Inverity

File Size vs Compression Quality Explained

Date Published

There is a common misconception that a smaller file size is, by definition, evidence of superior compression. In reality, file size is only one dimension of what compression actually accomplishes, and treating it as the sole measure of quality leads to serious misunderstandings.

A compression algorithm makes a trade between multiple competing factors: the size of the output, the fidelity of the reconstructed data, the computational resources required to encode and decode, and the speed at which those operations can be performed.
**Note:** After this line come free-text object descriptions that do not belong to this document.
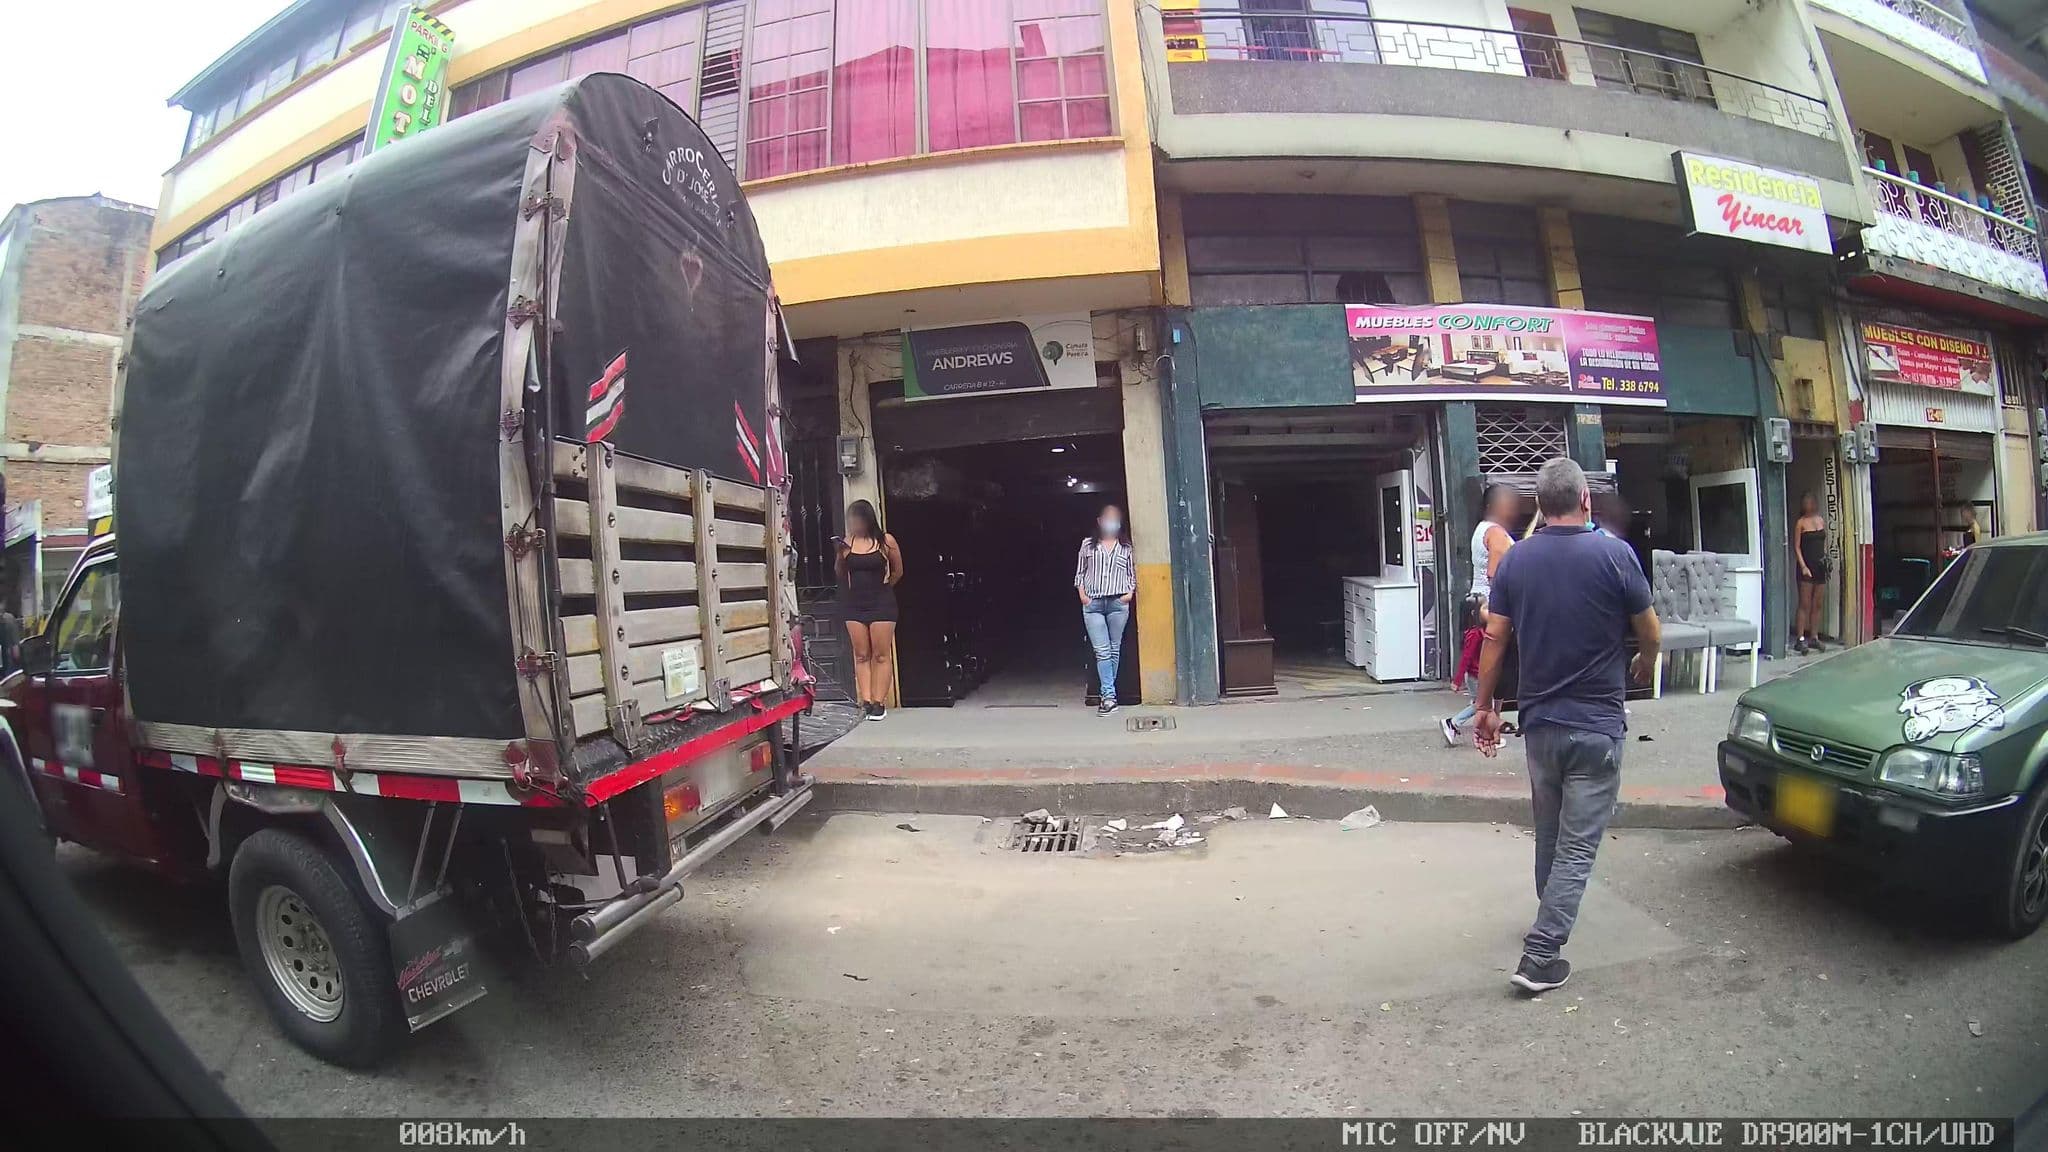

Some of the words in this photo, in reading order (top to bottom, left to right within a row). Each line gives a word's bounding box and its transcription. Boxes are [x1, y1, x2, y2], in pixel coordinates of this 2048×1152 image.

[411, 21, 448, 53] PARKIG
[387, 54, 427, 143] MOT
[1687, 158, 1822, 209] Residencia
[1717, 193, 1804, 235] Yincar
[1355, 316, 1433, 329] MUEBLES
[1438, 313, 1555, 333] CONFORT
[1864, 325, 1914, 346] MUEBLES
[1917, 334, 1938, 349] CON
[932, 351, 1014, 371] ANDREWS
[1602, 377, 1618, 391] Tel.
[1619, 380, 1636, 391] 338
[1638, 381, 1659, 393] 6794
[408, 962, 470, 1003] CHEVROLET
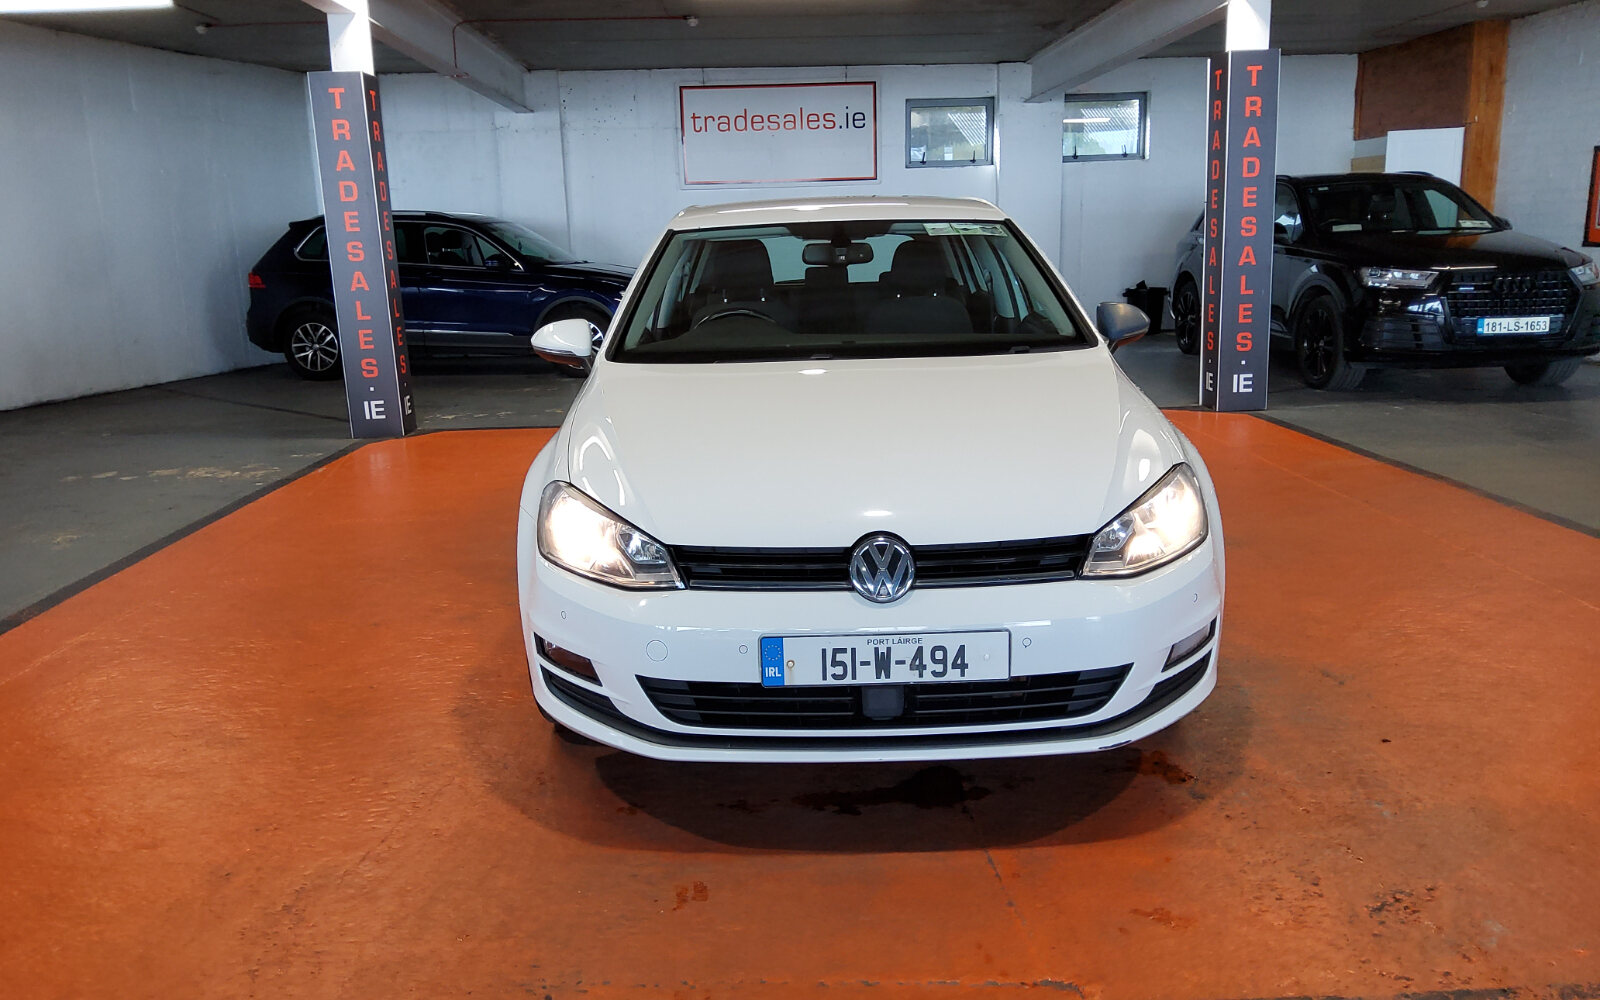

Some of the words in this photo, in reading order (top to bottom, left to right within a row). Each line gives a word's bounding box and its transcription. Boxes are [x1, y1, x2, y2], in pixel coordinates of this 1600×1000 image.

[690, 105, 866, 133] tradesales.ie
[1485, 320, 1548, 332] 181-LS-1653
[765, 666, 782, 678] IRL
[821, 644, 969, 681] 151-W-494
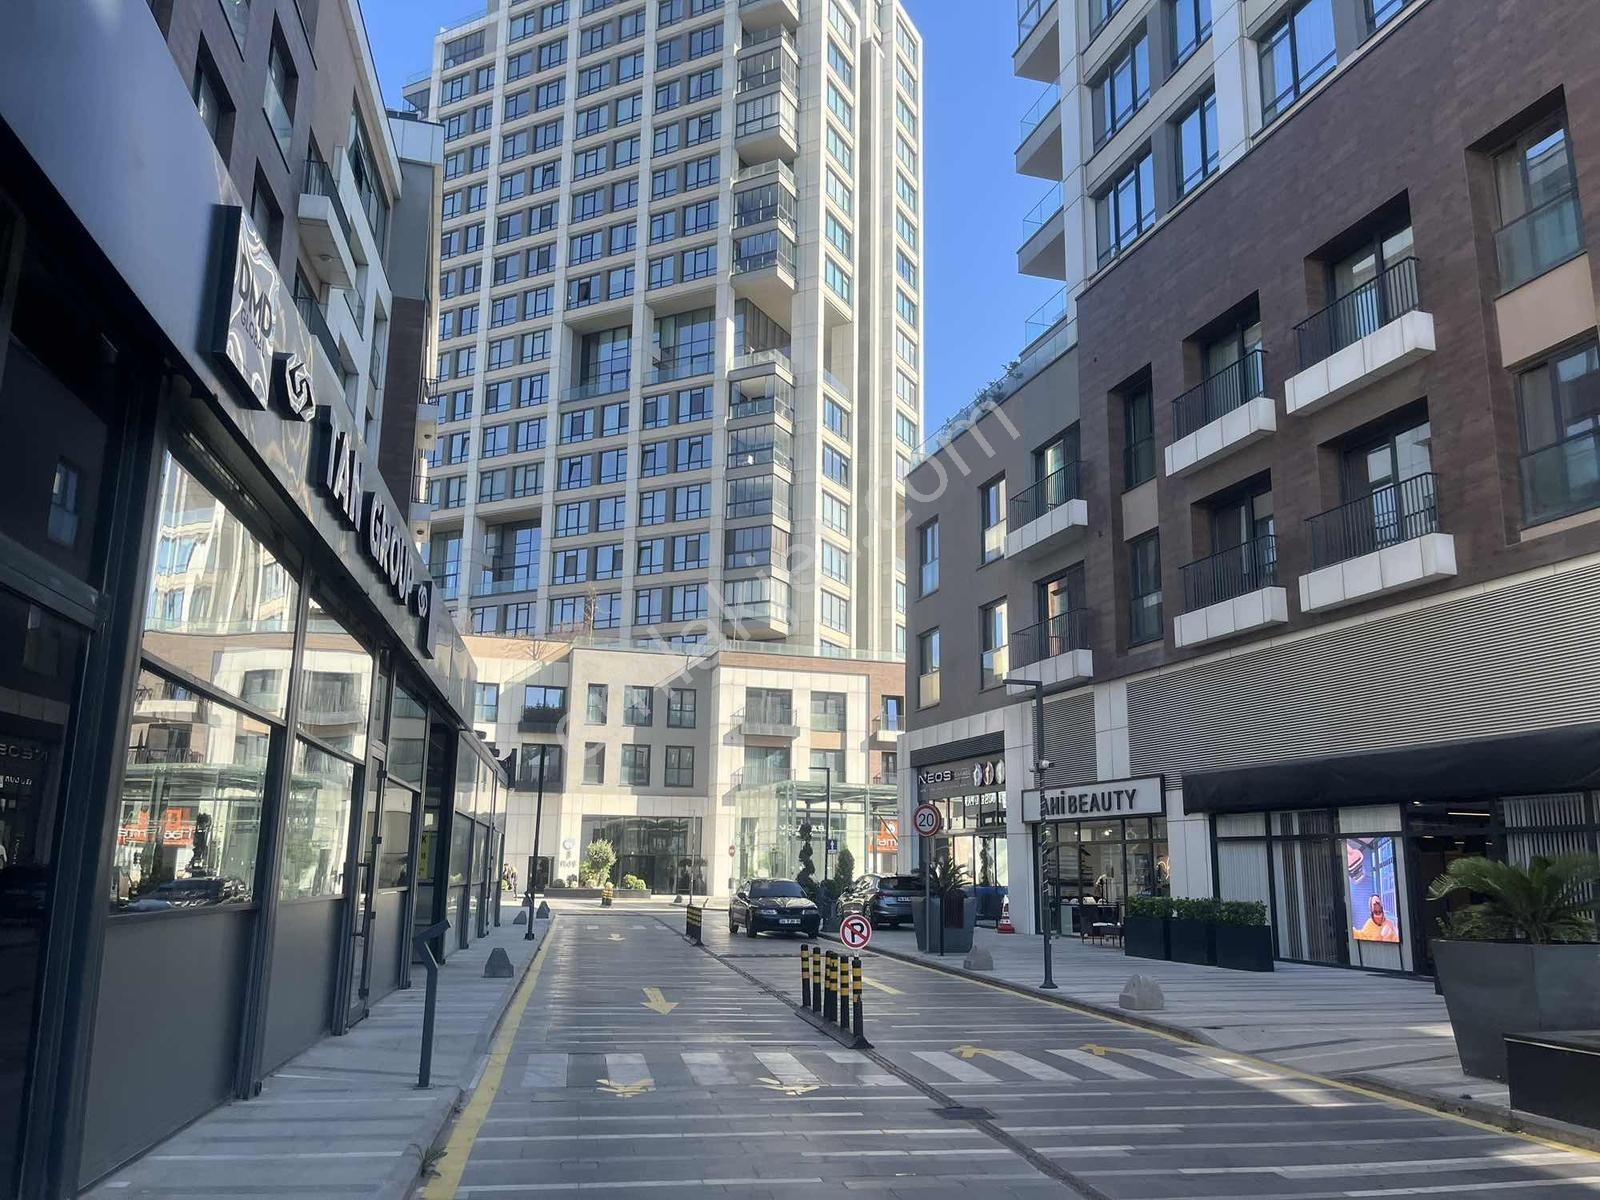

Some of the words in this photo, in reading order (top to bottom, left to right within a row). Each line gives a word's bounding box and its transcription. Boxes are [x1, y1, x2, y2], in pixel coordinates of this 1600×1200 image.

[238, 254, 272, 339] DMD
[240, 307, 265, 359] GLOBAL
[369, 494, 415, 606] GROUP
[918, 770, 951, 785] NEOS
[918, 813, 935, 827] 20
[1068, 788, 1138, 815] BEAUTY
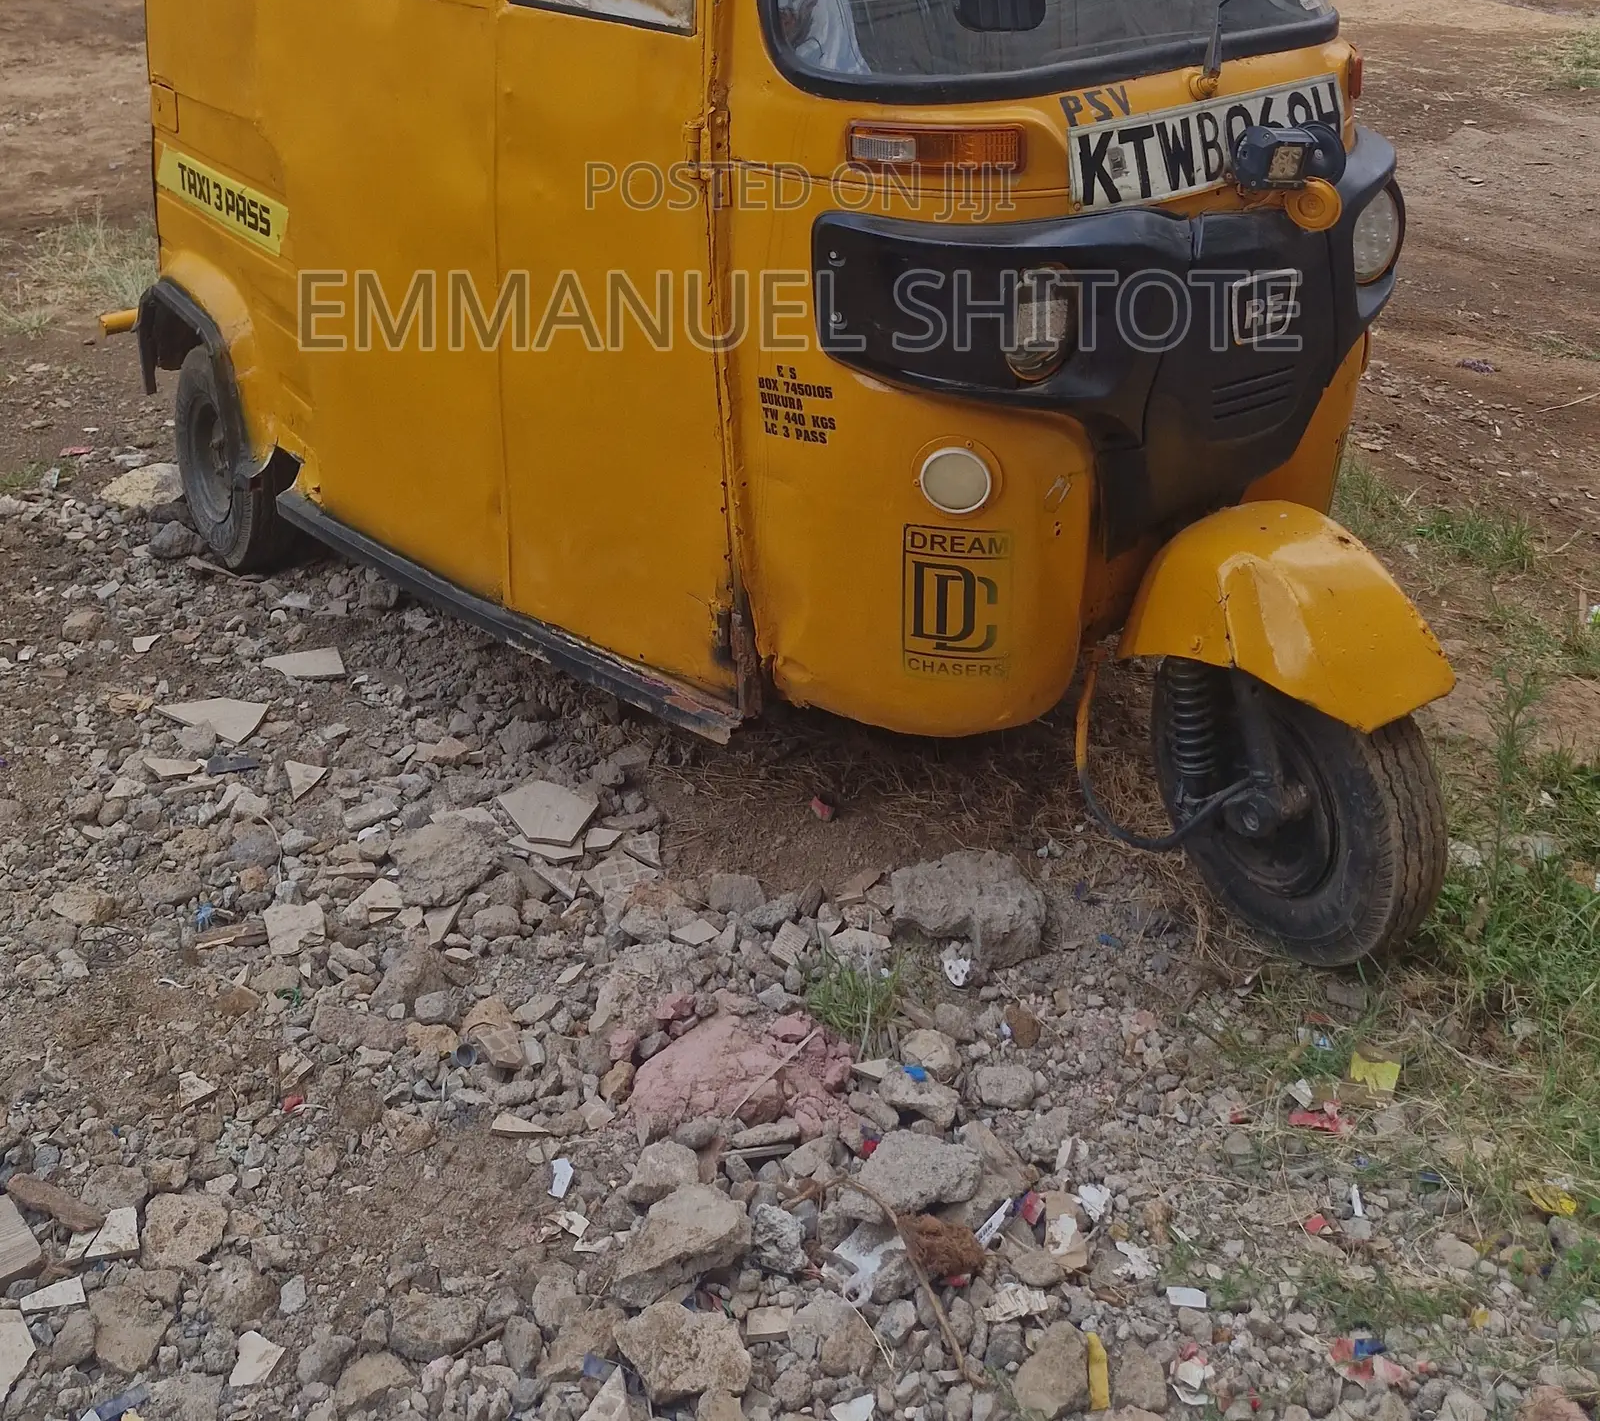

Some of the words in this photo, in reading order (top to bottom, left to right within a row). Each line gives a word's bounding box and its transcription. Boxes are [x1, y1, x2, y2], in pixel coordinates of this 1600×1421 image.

Optimizing aggressively for size alone almost always means sacrificing something else, and whether that sacrifice is acceptable depends entirely on the context in which the compressed data will be used. Consider the distinction between lossless and lossy compression. A lossy image codec can produce a file far smaller than any lossless alternative, but it does so by permanently discarding information.

If you are archiving medical imaging data or scientific measurements, that smaller file represents not better compression but irreversible data corruption, regardless of how impressive the size reduction appears.

Even within lossless compression, an algorithm that achieves a marginally smaller output by requiring hours of processing time and gigabytes of memory is not strictly better than one that compresses slightly less efficiently but operates in seconds on modest hardware. The value of the compressed file must account for the total cost of producing and using it. Compression ratio also behaves differently depending on the nature of the source data, which means comparisons between algorithms are only meaningful when made on representative material. An algorithm that achieves an extraordinary ratio on one type of file may perform poorly on another, so benchmarks cherry-picked to showcase size reduction can be deeply misleading.

What genuinely defines good compression is how well an algorithm serves the specific needs of its application, balancing size, speed, resource consumption, and data integrity in proportions that match real-world requirements.

Smaller output is a desirable property, but it is a component of that balance, not a substitute for it.